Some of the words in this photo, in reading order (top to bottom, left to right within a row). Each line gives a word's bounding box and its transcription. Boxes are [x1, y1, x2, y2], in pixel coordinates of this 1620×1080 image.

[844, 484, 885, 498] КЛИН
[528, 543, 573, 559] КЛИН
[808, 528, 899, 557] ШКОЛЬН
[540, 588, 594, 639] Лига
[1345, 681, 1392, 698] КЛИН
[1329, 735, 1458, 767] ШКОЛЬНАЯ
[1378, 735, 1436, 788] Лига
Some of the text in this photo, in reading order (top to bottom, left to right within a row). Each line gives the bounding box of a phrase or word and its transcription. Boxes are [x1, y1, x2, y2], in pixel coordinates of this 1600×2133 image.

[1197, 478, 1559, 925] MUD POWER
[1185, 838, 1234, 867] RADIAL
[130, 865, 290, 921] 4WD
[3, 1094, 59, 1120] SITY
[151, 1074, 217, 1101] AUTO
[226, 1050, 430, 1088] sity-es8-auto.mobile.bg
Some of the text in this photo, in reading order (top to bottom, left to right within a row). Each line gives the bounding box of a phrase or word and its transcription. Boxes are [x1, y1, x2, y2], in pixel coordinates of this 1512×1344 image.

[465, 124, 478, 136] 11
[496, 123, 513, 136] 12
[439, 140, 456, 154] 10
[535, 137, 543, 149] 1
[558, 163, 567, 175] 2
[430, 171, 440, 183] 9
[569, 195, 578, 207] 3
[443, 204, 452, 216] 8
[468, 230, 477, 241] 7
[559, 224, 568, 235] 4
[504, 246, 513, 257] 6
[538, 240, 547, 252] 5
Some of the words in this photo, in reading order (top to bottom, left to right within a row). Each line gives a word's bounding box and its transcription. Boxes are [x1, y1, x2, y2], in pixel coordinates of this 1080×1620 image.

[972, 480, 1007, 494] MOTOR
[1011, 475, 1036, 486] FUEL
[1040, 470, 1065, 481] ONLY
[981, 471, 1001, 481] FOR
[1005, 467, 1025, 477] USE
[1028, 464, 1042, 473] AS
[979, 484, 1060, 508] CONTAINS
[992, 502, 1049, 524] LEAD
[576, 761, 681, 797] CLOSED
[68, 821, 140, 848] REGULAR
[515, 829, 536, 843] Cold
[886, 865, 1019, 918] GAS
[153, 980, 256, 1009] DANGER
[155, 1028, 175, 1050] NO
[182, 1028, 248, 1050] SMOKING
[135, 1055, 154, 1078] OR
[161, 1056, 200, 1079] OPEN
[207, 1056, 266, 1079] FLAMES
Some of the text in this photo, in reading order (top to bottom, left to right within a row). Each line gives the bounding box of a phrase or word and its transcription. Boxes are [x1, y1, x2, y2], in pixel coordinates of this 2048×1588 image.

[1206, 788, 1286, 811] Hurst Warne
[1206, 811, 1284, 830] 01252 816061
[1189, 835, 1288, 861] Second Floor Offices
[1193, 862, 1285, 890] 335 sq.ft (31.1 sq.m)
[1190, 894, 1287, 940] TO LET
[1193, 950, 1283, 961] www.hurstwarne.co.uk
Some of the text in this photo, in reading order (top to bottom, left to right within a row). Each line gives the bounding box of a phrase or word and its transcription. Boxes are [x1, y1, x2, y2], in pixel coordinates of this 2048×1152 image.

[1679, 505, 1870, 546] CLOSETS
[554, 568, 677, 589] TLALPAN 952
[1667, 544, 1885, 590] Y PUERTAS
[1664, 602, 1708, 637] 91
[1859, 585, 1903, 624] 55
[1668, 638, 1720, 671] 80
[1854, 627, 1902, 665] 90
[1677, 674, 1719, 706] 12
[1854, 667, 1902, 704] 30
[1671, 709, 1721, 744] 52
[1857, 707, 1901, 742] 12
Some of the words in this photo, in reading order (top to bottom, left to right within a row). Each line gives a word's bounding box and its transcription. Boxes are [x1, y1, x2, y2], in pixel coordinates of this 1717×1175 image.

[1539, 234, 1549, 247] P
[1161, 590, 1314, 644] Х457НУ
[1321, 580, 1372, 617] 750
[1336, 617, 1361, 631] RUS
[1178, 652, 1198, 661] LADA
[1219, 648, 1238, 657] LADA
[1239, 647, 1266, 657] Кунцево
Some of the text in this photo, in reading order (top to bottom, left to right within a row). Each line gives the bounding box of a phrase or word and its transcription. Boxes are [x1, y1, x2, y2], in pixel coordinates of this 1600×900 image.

=== THE TASK ===
Line by line, print the listing above exactly.

=== SOLUTION TO THE EXERCISE ===
Some of the words in this photo, in reading order (top to bottom, left to right within a row). Each line gives a word's bounding box and its transcription. Boxes are [x1, y1, x2, y2], in pixel coordinates of this 1620×1080 image.

[844, 484, 885, 498] КЛИН
[528, 543, 573, 559] КЛИН
[808, 528, 899, 557] ШКОЛЬН
[540, 588, 594, 639] Лига
[1345, 681, 1392, 698] КЛИН
[1329, 735, 1458, 767] ШКОЛЬНАЯ
[1378, 735, 1436, 788] Лига
Some of the text in this photo, in reading order (top to bottom, left to right within a row). Each line gives the bounding box of a phrase or word and its transcription. Boxes are [x1, y1, x2, y2], in pixel coordinates of this 1600×2133 image.

[1197, 478, 1559, 925] MUD POWER
[1185, 838, 1234, 867] RADIAL
[130, 865, 290, 921] 4WD
[3, 1094, 59, 1120] SITY
[151, 1074, 217, 1101] AUTO
[226, 1050, 430, 1088] sity-es8-auto.mobile.bg
Some of the text in this photo, in reading order (top to bottom, left to right within a row). Each line gives the bounding box of a phrase or word and its transcription. Boxes are [x1, y1, x2, y2], in pixel coordinates of this 1512×1344 image.

[465, 124, 478, 136] 11
[496, 123, 513, 136] 12
[439, 140, 456, 154] 10
[535, 137, 543, 149] 1
[558, 163, 567, 175] 2
[430, 171, 440, 183] 9
[569, 195, 578, 207] 3
[443, 204, 452, 216] 8
[468, 230, 477, 241] 7
[559, 224, 568, 235] 4
[504, 246, 513, 257] 6
[538, 240, 547, 252] 5
Some of the words in this photo, in reading order (top to bottom, left to right within a row). Each line gives a word's bounding box and its transcription. Boxes are [x1, y1, x2, y2], in pixel coordinates of this 1080×1620 image.

[972, 480, 1007, 494] MOTOR
[1011, 475, 1036, 486] FUEL
[1040, 470, 1065, 481] ONLY
[981, 471, 1001, 481] FOR
[1005, 467, 1025, 477] USE
[1028, 464, 1042, 473] AS
[979, 484, 1060, 508] CONTAINS
[992, 502, 1049, 524] LEAD
[576, 761, 681, 797] CLOSED
[68, 821, 140, 848] REGULAR
[515, 829, 536, 843] Cold
[886, 865, 1019, 918] GAS
[153, 980, 256, 1009] DANGER
[155, 1028, 175, 1050] NO
[182, 1028, 248, 1050] SMOKING
[135, 1055, 154, 1078] OR
[161, 1056, 200, 1079] OPEN
[207, 1056, 266, 1079] FLAMES
Some of the text in this photo, in reading order (top to bottom, left to right within a row). Each line gives the bounding box of a phrase or word and its transcription. Boxes are [x1, y1, x2, y2], in pixel coordinates of this 2048×1588 image.

[1206, 788, 1286, 811] Hurst Warne
[1206, 811, 1284, 830] 01252 816061
[1189, 835, 1288, 861] Second Floor Offices
[1193, 862, 1285, 890] 335 sq.ft (31.1 sq.m)
[1190, 894, 1287, 940] TO LET
[1193, 950, 1283, 961] www.hurstwarne.co.uk
Some of the text in this photo, in reading order (top to bottom, left to right within a row). Each line gives the bounding box of a phrase or word and its transcription. Boxes are [x1, y1, x2, y2], in pixel coordinates of this 2048×1152 image.

[1679, 505, 1870, 546] CLOSETS
[554, 568, 677, 589] TLALPAN 952
[1667, 544, 1885, 590] Y PUERTAS
[1664, 602, 1708, 637] 91
[1859, 585, 1903, 624] 55
[1668, 638, 1720, 671] 80
[1854, 627, 1902, 665] 90
[1677, 674, 1719, 706] 12
[1854, 667, 1902, 704] 30
[1671, 709, 1721, 744] 52
[1857, 707, 1901, 742] 12
Some of the words in this photo, in reading order (top to bottom, left to right within a row). Each line gives a word's bounding box and its transcription. Boxes are [x1, y1, x2, y2], in pixel coordinates of this 1717×1175 image.

[1539, 234, 1549, 247] P
[1161, 590, 1314, 644] Х457НУ
[1321, 580, 1372, 617] 750
[1336, 617, 1361, 631] RUS
[1178, 652, 1198, 661] LADA
[1219, 648, 1238, 657] LADA
[1239, 647, 1266, 657] Кунцево
Some of the text in this photo, in reading order (top to bottom, left to right within a row). Each line gives the bounding box of a phrase or word and its transcription. Boxes are [x1, y1, x2, y2], in pixel coordinates of this 1600×900 image.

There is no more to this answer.